(Records from a collection)
::::

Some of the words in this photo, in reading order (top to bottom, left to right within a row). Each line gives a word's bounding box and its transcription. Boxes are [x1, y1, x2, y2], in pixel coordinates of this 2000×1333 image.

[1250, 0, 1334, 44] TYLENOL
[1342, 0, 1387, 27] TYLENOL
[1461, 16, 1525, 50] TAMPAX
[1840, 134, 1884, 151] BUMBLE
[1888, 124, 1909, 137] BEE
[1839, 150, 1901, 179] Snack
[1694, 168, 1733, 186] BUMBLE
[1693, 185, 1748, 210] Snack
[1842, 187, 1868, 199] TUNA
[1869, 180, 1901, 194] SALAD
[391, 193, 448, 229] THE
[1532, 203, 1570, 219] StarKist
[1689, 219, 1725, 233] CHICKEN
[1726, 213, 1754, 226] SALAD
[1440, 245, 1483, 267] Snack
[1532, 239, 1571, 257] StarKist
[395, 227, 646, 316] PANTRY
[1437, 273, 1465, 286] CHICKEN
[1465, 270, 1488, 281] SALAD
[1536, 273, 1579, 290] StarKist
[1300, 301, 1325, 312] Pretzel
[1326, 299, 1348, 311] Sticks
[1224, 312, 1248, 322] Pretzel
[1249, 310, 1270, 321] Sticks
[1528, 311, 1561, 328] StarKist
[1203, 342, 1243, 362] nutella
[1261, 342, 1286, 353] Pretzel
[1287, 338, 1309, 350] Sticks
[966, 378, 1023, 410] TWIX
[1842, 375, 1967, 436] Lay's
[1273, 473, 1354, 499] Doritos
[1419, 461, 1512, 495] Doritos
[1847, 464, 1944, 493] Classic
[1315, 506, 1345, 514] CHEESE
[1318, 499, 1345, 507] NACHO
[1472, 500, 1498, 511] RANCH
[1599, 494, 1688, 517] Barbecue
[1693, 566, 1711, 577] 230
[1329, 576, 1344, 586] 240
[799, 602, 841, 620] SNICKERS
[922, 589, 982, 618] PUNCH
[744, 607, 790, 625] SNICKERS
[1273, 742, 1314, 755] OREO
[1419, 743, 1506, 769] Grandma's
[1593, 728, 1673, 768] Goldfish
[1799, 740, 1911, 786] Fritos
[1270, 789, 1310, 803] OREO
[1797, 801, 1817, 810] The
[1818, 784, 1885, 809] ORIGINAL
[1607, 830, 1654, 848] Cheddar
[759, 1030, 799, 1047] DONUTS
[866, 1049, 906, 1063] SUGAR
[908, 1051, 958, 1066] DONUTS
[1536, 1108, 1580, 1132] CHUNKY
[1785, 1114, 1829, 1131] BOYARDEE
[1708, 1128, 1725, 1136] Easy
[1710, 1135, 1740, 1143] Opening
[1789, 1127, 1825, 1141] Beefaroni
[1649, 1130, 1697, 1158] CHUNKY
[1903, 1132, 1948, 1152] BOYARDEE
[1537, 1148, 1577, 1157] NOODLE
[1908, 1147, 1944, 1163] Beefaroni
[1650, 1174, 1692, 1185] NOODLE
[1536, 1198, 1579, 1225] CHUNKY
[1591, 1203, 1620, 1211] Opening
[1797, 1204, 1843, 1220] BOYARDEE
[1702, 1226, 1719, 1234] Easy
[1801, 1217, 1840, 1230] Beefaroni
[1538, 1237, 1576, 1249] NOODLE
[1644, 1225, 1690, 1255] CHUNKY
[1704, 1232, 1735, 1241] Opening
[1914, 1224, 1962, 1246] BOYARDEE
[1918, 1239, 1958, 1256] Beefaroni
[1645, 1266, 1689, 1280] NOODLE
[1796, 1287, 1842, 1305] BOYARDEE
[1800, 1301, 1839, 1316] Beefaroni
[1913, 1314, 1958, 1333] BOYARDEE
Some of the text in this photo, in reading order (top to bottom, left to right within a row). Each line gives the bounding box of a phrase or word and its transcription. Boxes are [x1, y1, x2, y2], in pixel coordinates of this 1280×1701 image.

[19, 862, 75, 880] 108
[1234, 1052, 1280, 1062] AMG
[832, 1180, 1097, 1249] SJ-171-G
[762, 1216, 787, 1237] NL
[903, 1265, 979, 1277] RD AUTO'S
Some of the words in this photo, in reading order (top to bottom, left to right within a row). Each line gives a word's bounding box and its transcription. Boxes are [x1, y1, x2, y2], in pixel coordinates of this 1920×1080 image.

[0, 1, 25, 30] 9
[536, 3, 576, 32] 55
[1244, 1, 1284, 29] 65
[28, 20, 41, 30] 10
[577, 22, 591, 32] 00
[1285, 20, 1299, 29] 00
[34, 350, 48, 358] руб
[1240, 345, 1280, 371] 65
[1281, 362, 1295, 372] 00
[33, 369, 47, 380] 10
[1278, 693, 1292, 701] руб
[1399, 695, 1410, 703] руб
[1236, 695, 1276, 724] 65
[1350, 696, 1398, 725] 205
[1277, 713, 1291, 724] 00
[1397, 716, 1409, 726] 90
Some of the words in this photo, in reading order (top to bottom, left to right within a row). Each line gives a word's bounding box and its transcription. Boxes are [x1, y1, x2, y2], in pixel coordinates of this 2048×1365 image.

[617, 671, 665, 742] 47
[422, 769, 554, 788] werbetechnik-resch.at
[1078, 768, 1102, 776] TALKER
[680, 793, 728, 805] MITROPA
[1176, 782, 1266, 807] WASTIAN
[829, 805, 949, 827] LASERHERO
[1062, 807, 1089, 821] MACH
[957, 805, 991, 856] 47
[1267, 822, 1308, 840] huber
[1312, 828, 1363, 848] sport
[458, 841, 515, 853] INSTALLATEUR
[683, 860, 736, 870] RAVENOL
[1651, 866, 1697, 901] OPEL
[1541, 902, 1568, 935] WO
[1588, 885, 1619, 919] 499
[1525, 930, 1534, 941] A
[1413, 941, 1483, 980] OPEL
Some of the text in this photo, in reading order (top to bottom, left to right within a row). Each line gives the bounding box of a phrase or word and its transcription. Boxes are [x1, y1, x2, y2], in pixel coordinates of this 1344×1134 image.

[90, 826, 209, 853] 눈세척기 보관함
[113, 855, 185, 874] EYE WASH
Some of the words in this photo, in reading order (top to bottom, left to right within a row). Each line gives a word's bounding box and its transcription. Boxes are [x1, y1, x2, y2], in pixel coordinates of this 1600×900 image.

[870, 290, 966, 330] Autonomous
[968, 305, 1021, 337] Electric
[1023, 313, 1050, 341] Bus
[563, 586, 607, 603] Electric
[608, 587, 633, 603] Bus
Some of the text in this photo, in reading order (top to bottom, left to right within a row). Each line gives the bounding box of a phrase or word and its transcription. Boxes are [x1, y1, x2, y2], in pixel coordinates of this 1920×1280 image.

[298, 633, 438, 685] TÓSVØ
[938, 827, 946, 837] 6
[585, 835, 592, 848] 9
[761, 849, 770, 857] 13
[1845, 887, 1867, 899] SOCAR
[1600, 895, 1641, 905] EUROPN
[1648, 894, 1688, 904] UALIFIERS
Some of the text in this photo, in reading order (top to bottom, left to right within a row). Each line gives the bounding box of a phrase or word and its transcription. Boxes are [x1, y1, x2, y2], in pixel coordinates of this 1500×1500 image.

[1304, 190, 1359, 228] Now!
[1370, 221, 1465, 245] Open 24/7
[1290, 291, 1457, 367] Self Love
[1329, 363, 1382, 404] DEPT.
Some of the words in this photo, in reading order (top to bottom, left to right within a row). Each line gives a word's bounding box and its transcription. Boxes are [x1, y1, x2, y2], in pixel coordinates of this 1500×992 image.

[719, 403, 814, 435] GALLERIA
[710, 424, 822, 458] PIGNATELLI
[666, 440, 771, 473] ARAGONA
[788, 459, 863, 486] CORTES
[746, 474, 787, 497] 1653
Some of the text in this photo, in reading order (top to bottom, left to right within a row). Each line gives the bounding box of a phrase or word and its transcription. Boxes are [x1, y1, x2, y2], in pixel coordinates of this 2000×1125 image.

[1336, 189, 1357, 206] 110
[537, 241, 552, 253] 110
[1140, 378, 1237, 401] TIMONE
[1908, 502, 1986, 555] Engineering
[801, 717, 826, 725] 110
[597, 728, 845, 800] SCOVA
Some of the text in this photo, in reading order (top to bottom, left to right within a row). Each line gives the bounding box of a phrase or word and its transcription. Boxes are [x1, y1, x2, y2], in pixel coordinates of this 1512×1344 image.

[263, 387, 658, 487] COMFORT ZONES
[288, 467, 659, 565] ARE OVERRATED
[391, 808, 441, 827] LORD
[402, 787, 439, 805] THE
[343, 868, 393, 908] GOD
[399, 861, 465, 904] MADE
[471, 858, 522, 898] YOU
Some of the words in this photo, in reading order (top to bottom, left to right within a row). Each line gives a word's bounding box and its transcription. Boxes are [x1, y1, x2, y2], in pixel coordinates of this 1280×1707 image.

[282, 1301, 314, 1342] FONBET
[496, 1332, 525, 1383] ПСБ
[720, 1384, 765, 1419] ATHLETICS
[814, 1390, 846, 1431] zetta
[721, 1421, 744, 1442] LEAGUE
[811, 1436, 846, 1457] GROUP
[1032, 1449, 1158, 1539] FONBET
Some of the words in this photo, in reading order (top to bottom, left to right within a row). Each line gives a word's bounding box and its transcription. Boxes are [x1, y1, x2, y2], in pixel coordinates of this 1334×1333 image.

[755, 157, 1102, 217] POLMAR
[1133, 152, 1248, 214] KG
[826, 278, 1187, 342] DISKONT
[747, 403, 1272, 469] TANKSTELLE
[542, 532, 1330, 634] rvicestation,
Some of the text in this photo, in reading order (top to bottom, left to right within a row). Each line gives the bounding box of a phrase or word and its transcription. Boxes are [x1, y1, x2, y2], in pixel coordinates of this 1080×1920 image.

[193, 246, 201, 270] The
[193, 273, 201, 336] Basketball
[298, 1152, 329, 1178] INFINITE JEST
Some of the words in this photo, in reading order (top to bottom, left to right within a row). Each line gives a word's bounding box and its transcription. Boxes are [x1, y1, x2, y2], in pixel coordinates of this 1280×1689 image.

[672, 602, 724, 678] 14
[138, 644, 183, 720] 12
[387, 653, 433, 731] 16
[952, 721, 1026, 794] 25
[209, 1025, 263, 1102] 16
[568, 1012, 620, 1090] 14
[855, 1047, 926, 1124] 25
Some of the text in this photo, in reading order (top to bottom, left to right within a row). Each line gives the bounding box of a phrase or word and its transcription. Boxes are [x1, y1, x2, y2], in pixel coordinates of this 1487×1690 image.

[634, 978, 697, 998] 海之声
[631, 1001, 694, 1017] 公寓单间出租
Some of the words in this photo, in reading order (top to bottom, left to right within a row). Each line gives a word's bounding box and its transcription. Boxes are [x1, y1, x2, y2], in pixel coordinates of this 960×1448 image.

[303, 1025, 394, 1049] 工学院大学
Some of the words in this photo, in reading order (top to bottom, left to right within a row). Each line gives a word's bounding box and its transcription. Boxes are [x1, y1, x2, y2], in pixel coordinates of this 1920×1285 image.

::::

Exercise directions >>
In the records above, locate the line that contains "this 1080×1920 image.". Repeat it and every line after it, exactly, and nothing else.

Written response >>
Some of the text in this photo, in reading order (top to bottom, left to right within a row). Each line gives the bounding box of a phrase or word and its transcription. Boxes are [x1, y1, x2, y2], in pixel coordinates of this 1080×1920 image.

[193, 246, 201, 270] The
[193, 273, 201, 336] Basketball
[298, 1152, 329, 1178] INFINITE JEST
Some of the words in this photo, in reading order (top to bottom, left to right within a row). Each line gives a word's bounding box and its transcription. Boxes are [x1, y1, x2, y2], in pixel coordinates of this 1280×1689 image.

[672, 602, 724, 678] 14
[138, 644, 183, 720] 12
[387, 653, 433, 731] 16
[952, 721, 1026, 794] 25
[209, 1025, 263, 1102] 16
[568, 1012, 620, 1090] 14
[855, 1047, 926, 1124] 25
Some of the text in this photo, in reading order (top to bottom, left to right within a row). Each line gives the bounding box of a phrase or word and its transcription. Boxes are [x1, y1, x2, y2], in pixel coordinates of this 1487×1690 image.

[634, 978, 697, 998] 海之声
[631, 1001, 694, 1017] 公寓单间出租
Some of the words in this photo, in reading order (top to bottom, left to right within a row). Each line gives a word's bounding box and its transcription. Boxes are [x1, y1, x2, y2], in pixel coordinates of this 960×1448 image.

[303, 1025, 394, 1049] 工学院大学
Some of the words in this photo, in reading order (top to bottom, left to right within a row). Each line gives a word's bounding box and its transcription. Boxes are [x1, y1, x2, y2], in pixel coordinates of this 1920×1285 image.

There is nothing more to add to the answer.